Brett Bloom is an artist, writer and publisher based in Copenhagen and currently teaching at Jutland Academy in Aarhus.

Bloom is part of the group Temporary Services. The group makes work together, writes about art, and publishes obsessively. They run Half Letter Press, a publishing imprint. Bloom's most recent essay "Superkilen: Participatory Park Extreme!" (Kriitk, April 2013, Copenhagen) is an investigation of a new park in Copenhagen designed by starchitects Bjarke Ingels Group (BIG) and the art group Superflex. It looks at how narratives of democracy and participation are used to gloss over extreme influence peddling and the spatialization of neoliberal values and city planning. http://www.temporaryservices.org

Temporary Services Temporary Services is Brett Bloom, Salem Collo-Julin and Marc Fischer. We are based in Chicago,Copenhagen, and Philadelphia. We have existed, with several changes in membership and structure, since 1998. We produce exhibitions, events, projects, and publications. The distinction between art practice and other creative human endeavors is irrelevant to us. The best way of testing our ideas has been to do them without waiting for permission or invitation. We invent infrastructure or borrow it when necessary. We were not taught this in school. We try different approaches, inspired by others equally frustrated by the systems they inherited, who created their own methods for getting work into the public. Temporary Services started as an experimental exhibition space in a working class neighborhood of Chicago. Our name directly reflects the desire to provide art as a service to others. It is a way for us to pay attention to the social context in which art is produced and received.
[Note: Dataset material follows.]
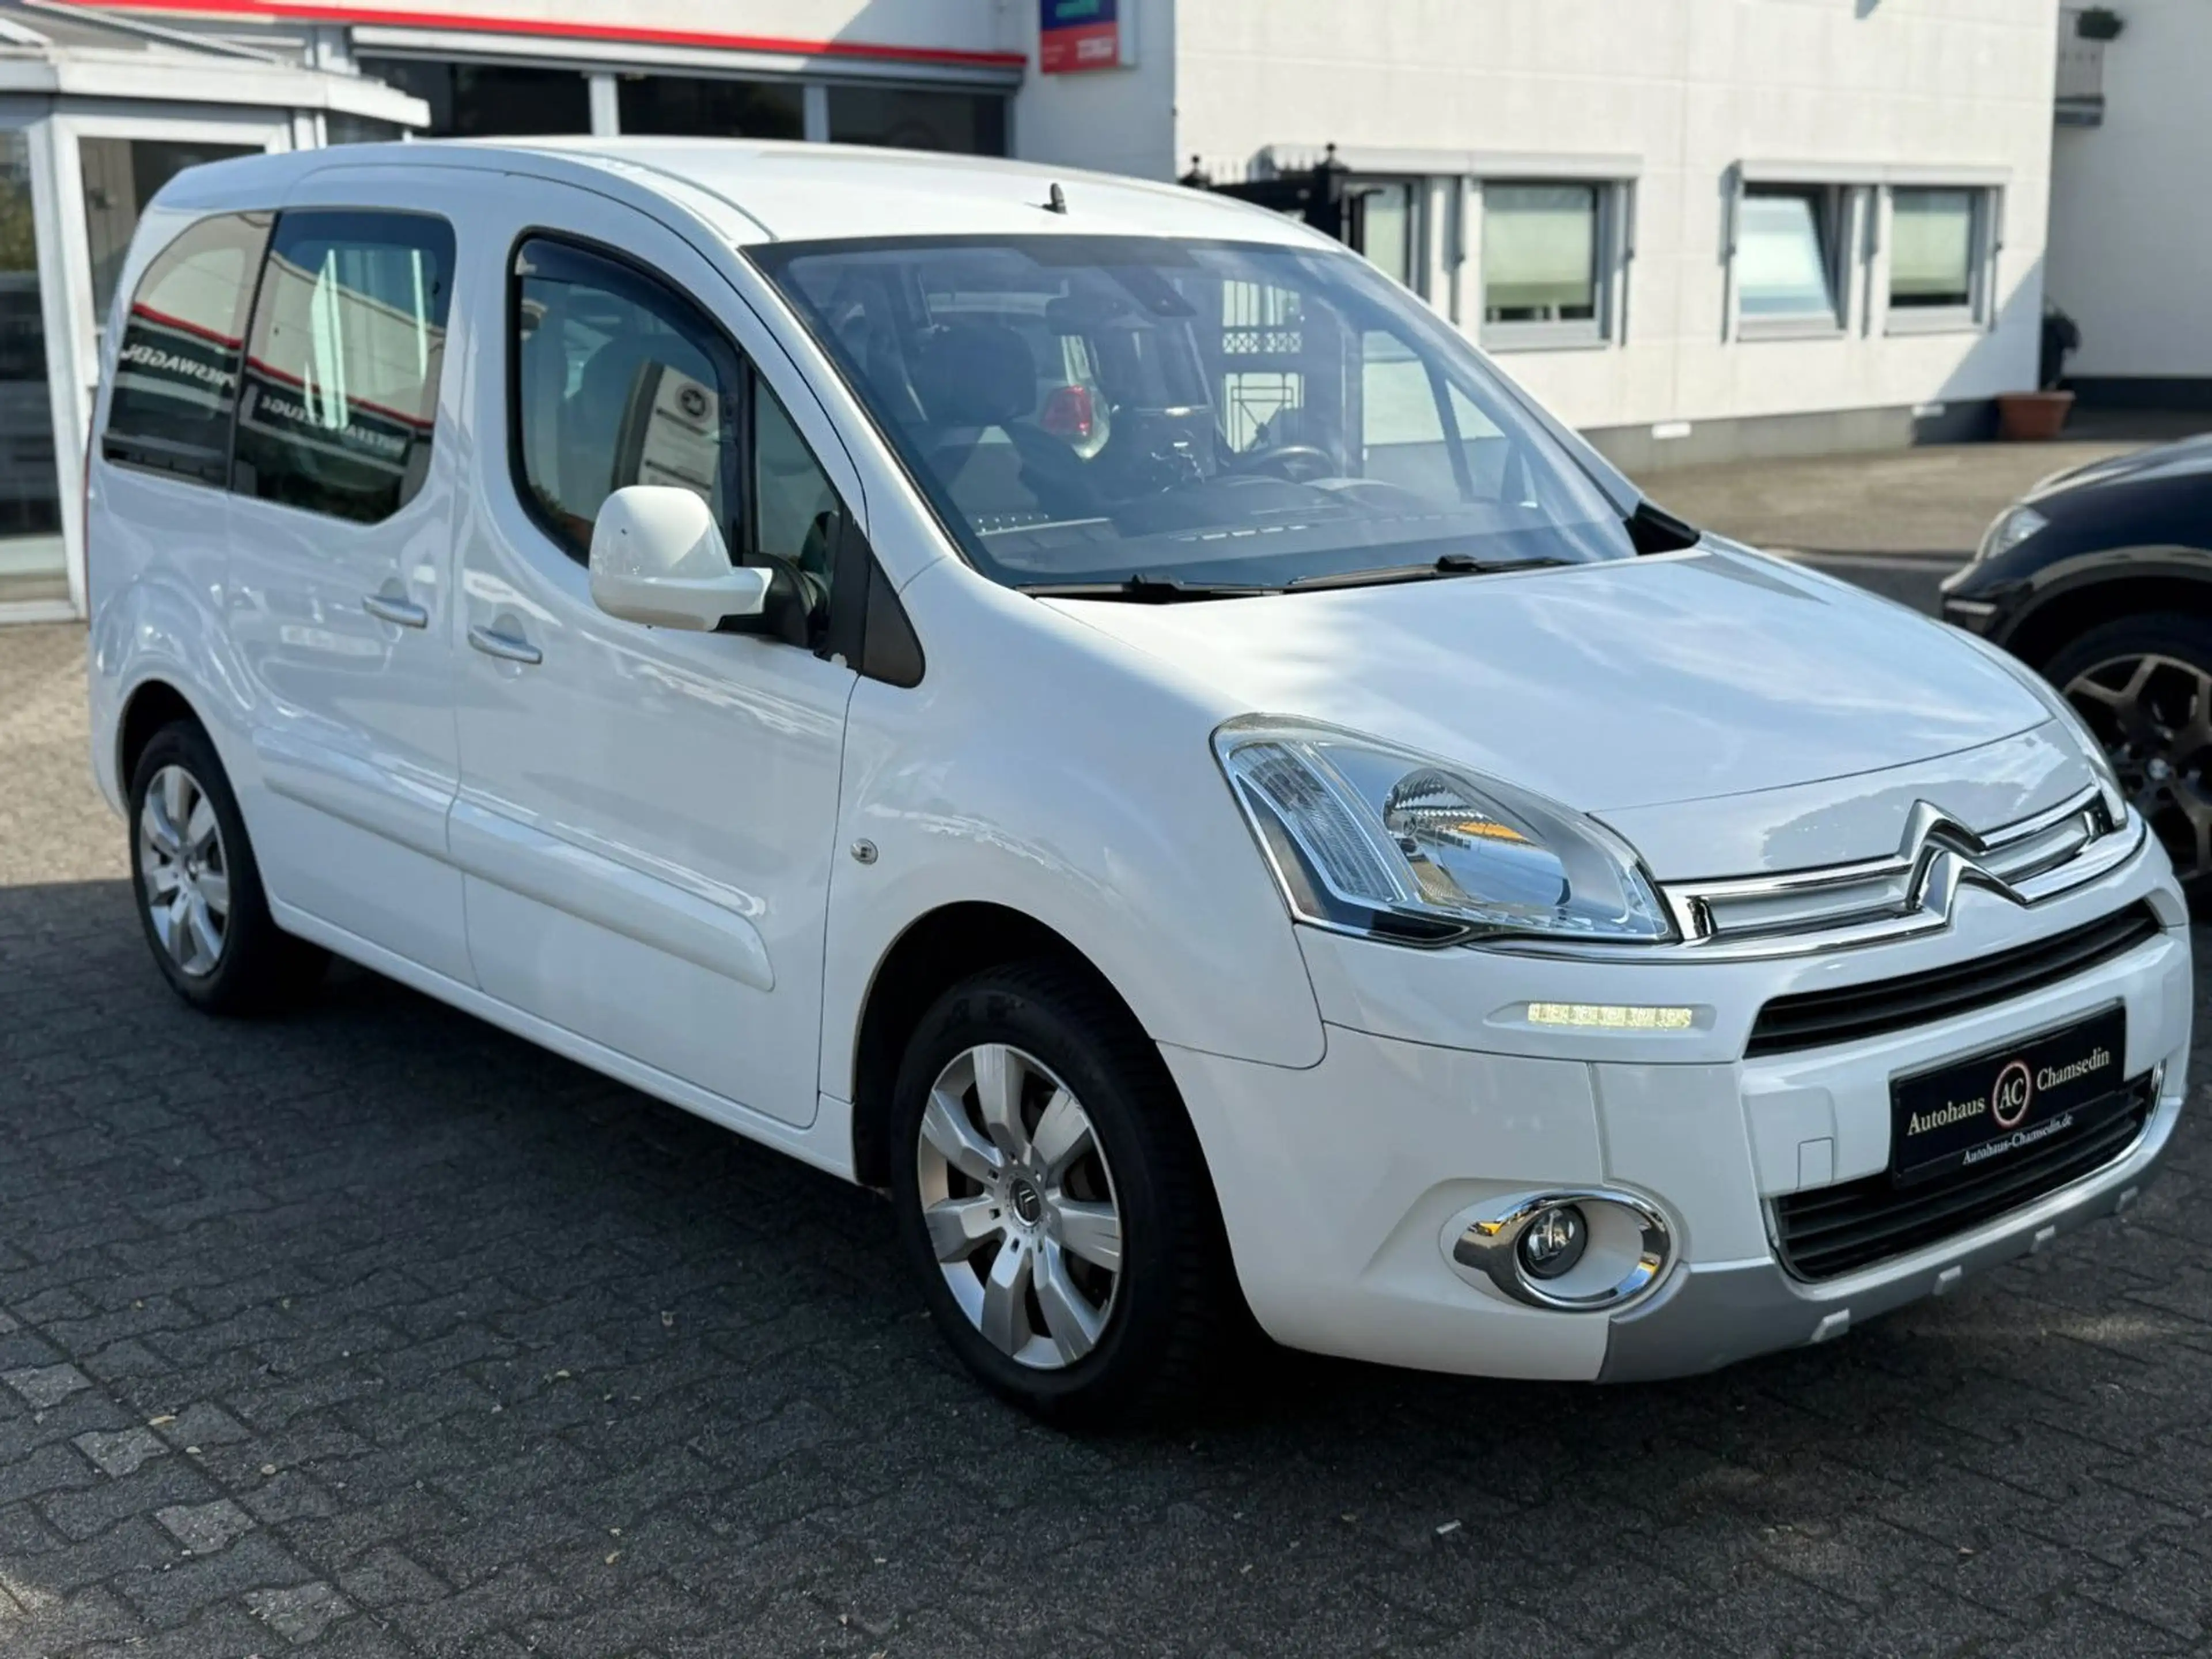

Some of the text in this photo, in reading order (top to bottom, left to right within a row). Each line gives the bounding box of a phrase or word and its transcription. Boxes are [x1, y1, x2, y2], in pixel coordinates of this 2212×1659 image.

[1907, 1046, 2110, 1136] Autohaus AC Chamsedin
[1962, 1113, 2074, 1166] Autohaus-Chamsedin.de
Having "Temporary Services" displayed on our window helped us to blend in with the cheap restaurants, dollar stores, currency exchanges, and temporary employment agencies on our street. We were not immediately recognizable as an art space. This was partly to stave off the stereotypical role we might have played in the gentrification of our neighborhood. We weren't interested in making art for sale. Within the boundaries of "what sells," artists often carve out tiny aesthetic niches to protect, peddle, and repeat indefinitely, rather than opening themselves up to new possibilities. Experiencing art in the places we inhabit on a daily basis remains a critical concern for us. It helps us move art from a privileged experience to one more directly related to how we live our lives. A variety of people should decide how art is seen and interpreted, rather than continuing to strictly rely on those in power. We move in and out of officially sanctioned spaces for art, keeping one foot in the underground the other in the institution. Staying too long in one or the other isn't healthy. We are interested in art that takes engaging and empowering forms. We collaborate amongst ourselves and with others, even though this may destabilize how people understand our work.